Saved data entries:
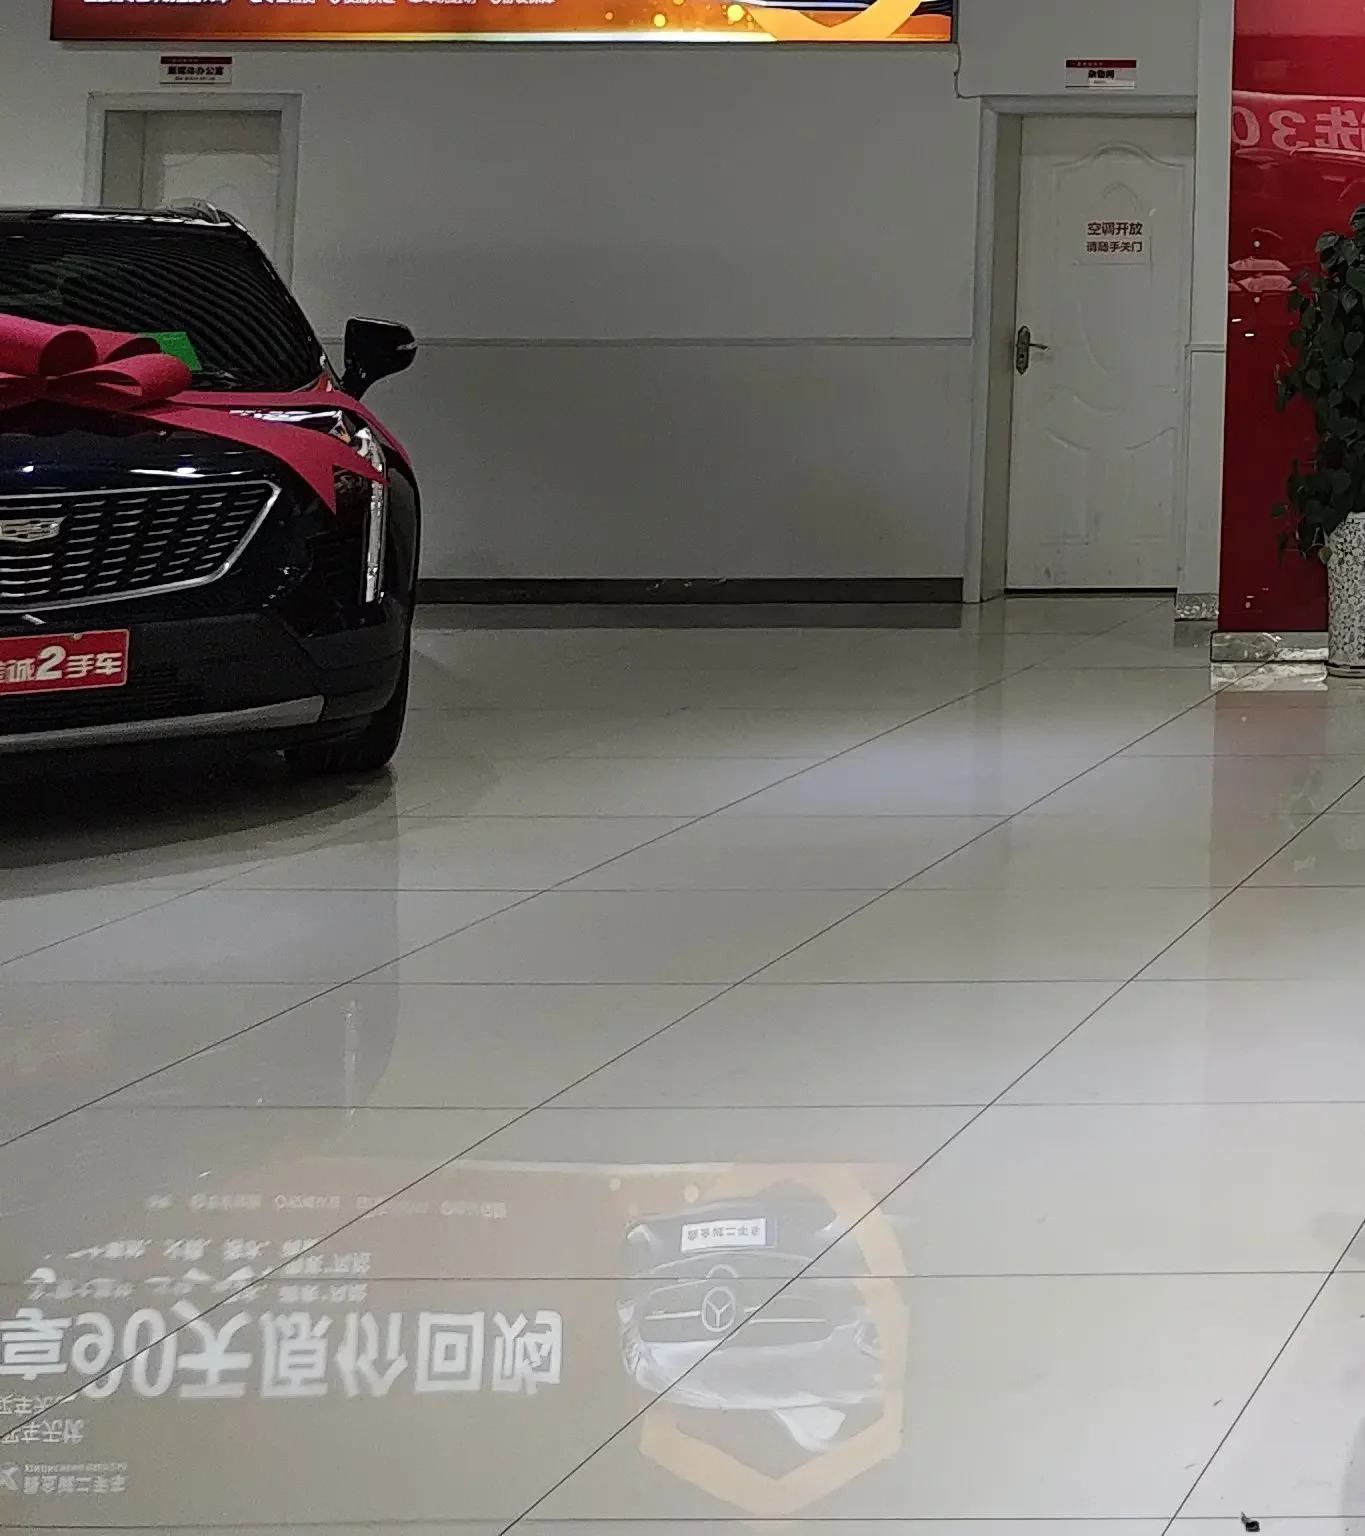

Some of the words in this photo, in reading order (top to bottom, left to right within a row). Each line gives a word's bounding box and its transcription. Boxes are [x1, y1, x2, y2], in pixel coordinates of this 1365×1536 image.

[1086, 221, 1144, 237] 空调开放
[0, 645, 123, 684] 诚2手车
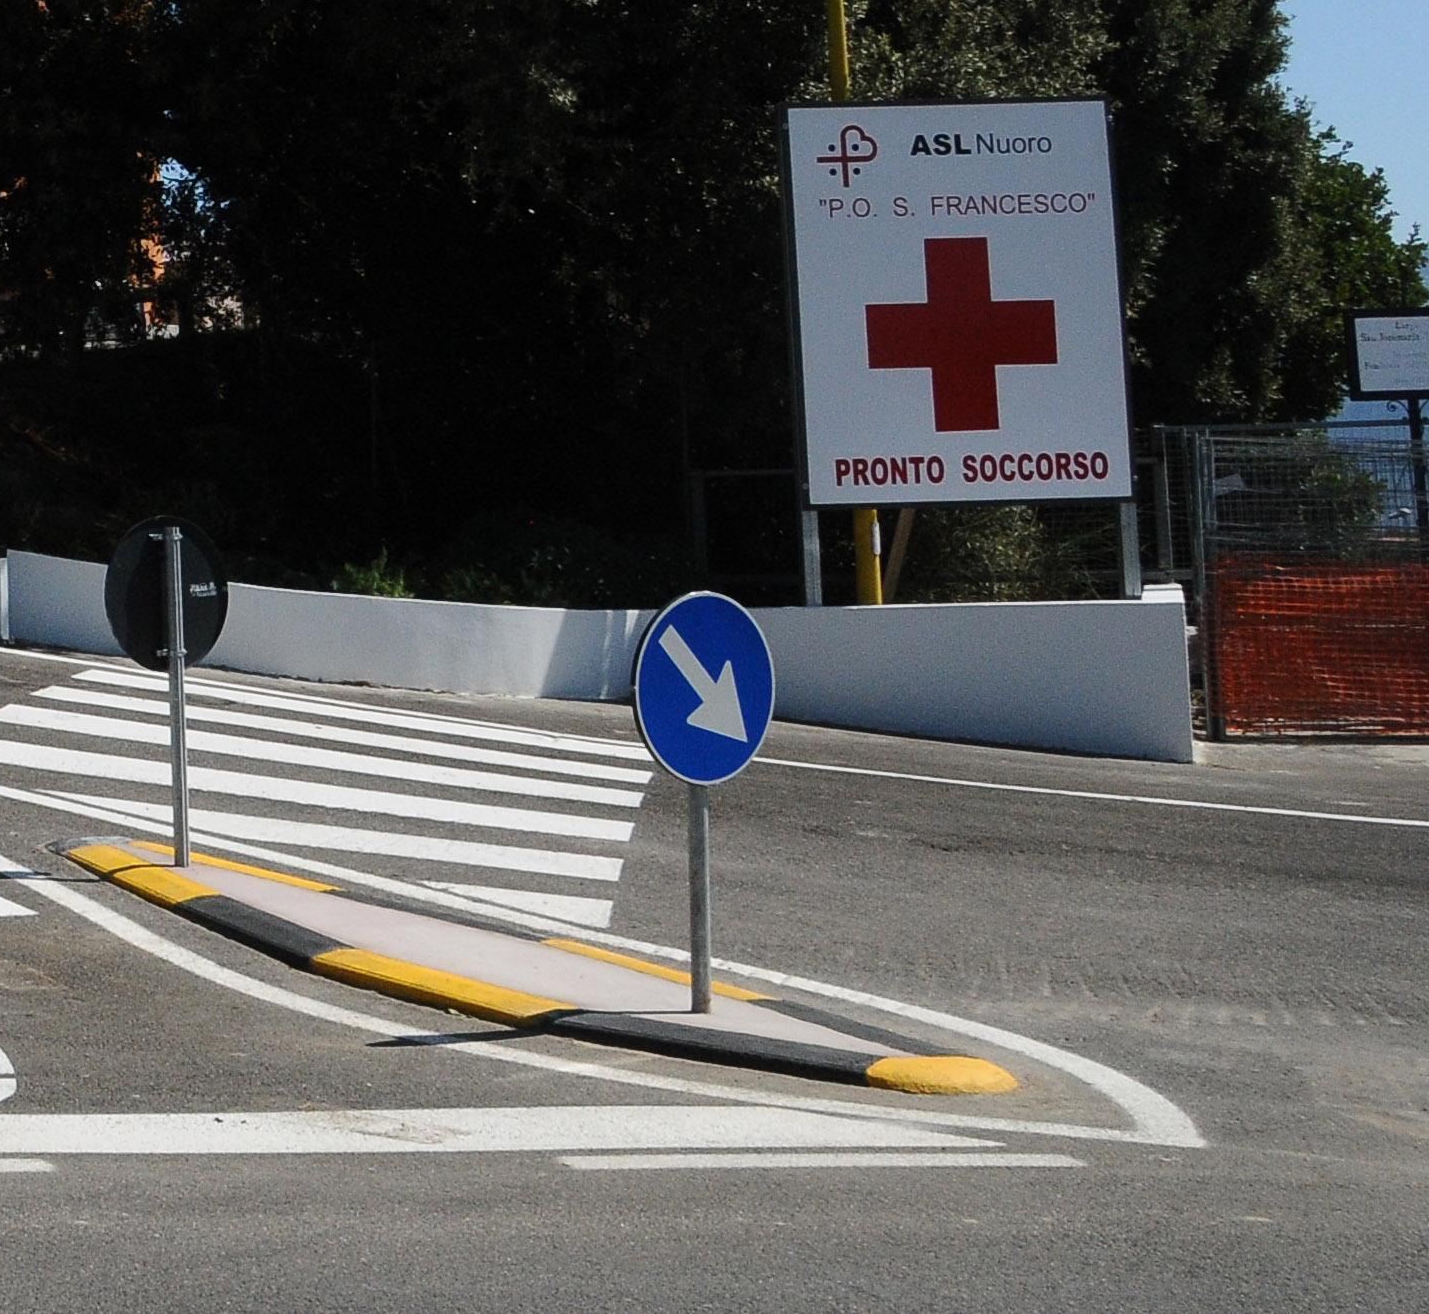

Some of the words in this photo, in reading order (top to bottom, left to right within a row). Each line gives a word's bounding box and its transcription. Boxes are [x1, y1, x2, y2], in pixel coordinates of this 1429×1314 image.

[910, 134, 972, 156] ASL
[976, 133, 1052, 155] Nuoro
[893, 196, 915, 217] S.
[931, 193, 1095, 216] FRANCESCO"
[835, 455, 945, 486] PRONTO
[962, 451, 1109, 483] SOCCORSO

### INSTRUCTIONS TO FOLLOW
Transcribe nothing except the lines from the one with "this 1429×1314 image." through the end of the data above, each exactly as it appears.

### EXERCISE OUTPUT
Some of the words in this photo, in reading order (top to bottom, left to right within a row). Each line gives a word's bounding box and its transcription. Boxes are [x1, y1, x2, y2], in pixel coordinates of this 1429×1314 image.

[910, 134, 972, 156] ASL
[976, 133, 1052, 155] Nuoro
[893, 196, 915, 217] S.
[931, 193, 1095, 216] FRANCESCO"
[835, 455, 945, 486] PRONTO
[962, 451, 1109, 483] SOCCORSO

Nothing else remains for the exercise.